Data extracted from a collection
--------------------------------

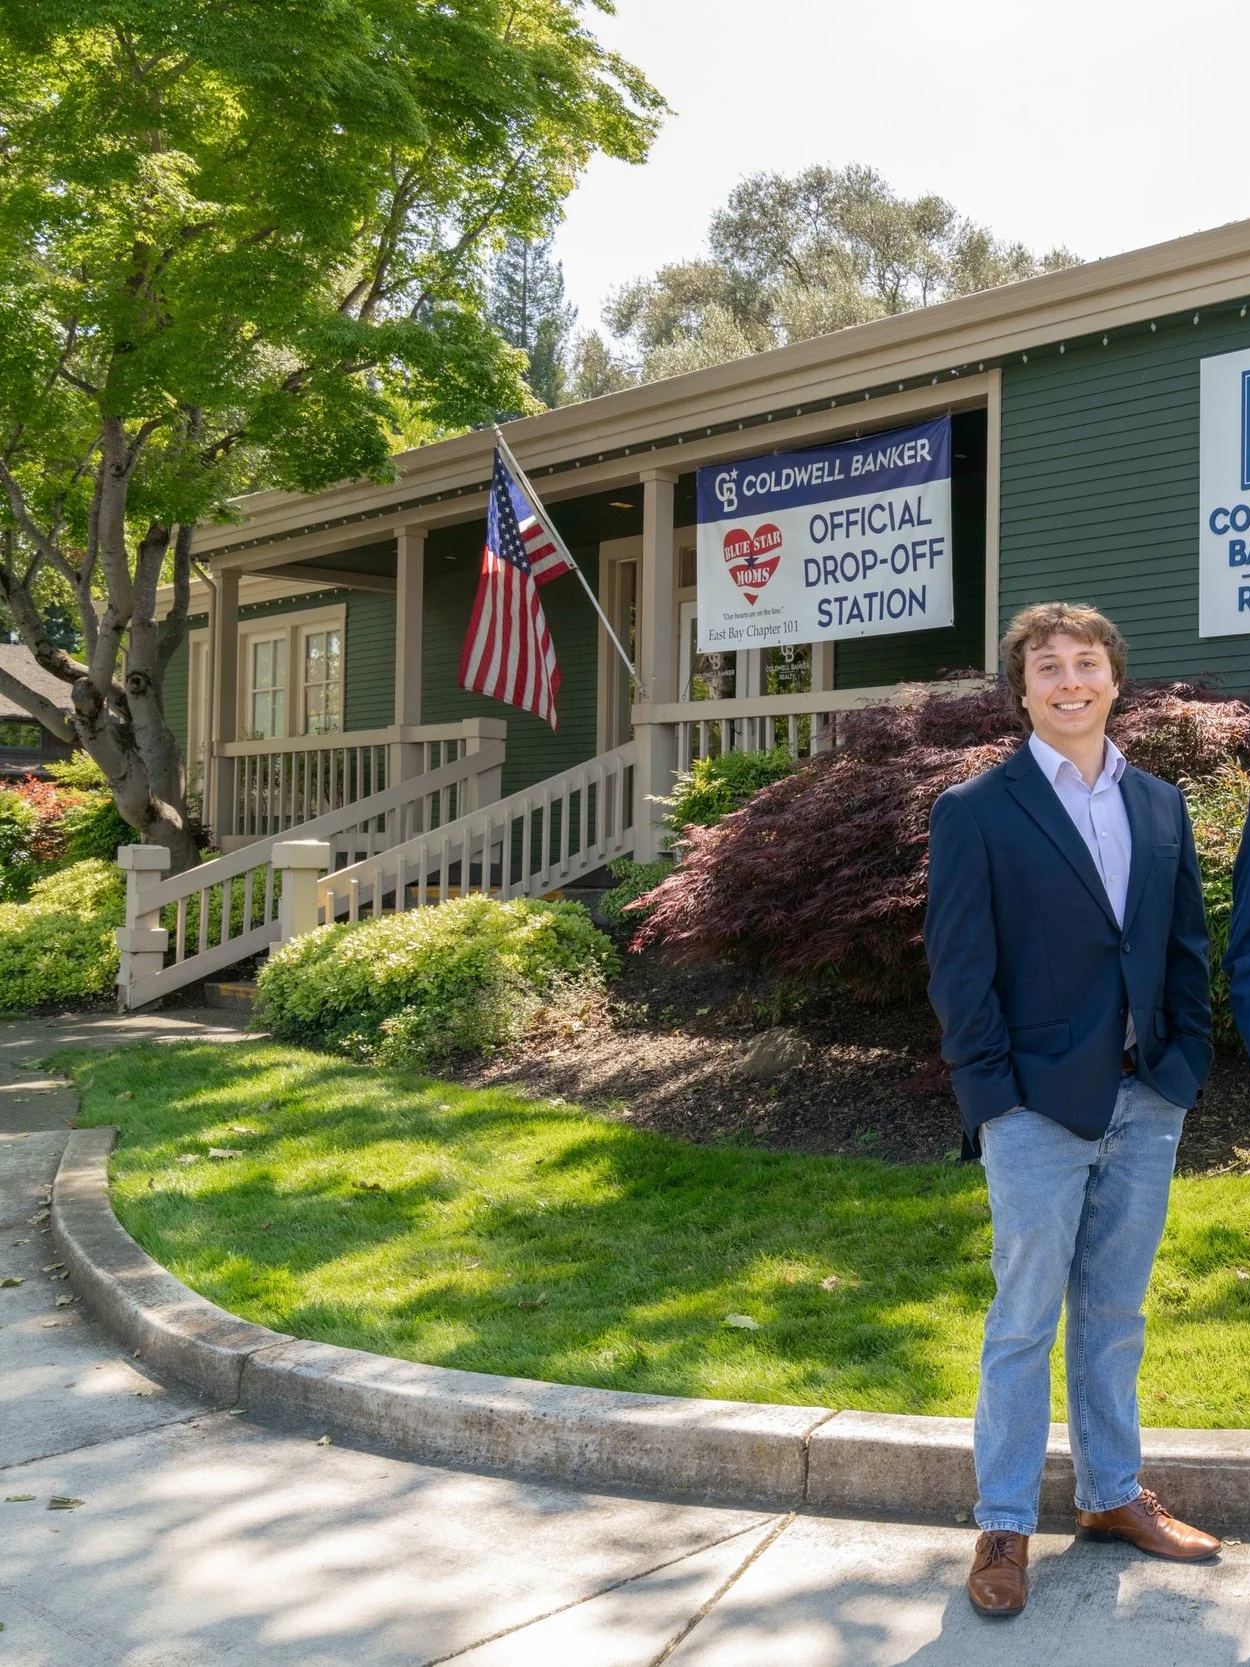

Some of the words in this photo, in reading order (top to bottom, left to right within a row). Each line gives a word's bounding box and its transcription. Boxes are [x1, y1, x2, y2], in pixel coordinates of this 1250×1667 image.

[743, 459, 844, 497] COLDWELL
[850, 438, 932, 477] BANKER
[809, 496, 932, 544] OFFICIAL
[725, 540, 750, 560] BLUE
[753, 531, 780, 551] STAR
[804, 537, 945, 588] DROP-OFF
[736, 567, 770, 586] MOMS
[734, 611, 748, 619] hearts
[817, 585, 927, 628] STATION
[709, 629, 726, 641] East
[728, 627, 744, 641] Bay
[746, 624, 781, 639] Chapter
[783, 620, 799, 634] 101

--------------------------------

**Exercise brief**
Leave out the images and copy every record above exactly.

**Response area**
Some of the words in this photo, in reading order (top to bottom, left to right within a row). Each line gives a word's bounding box and its transcription. Boxes are [x1, y1, x2, y2], in pixel coordinates of this 1250×1667 image.

[743, 459, 844, 497] COLDWELL
[850, 438, 932, 477] BANKER
[809, 496, 932, 544] OFFICIAL
[725, 540, 750, 560] BLUE
[753, 531, 780, 551] STAR
[804, 537, 945, 588] DROP-OFF
[736, 567, 770, 586] MOMS
[734, 611, 748, 619] hearts
[817, 585, 927, 628] STATION
[709, 629, 726, 641] East
[728, 627, 744, 641] Bay
[746, 624, 781, 639] Chapter
[783, 620, 799, 634] 101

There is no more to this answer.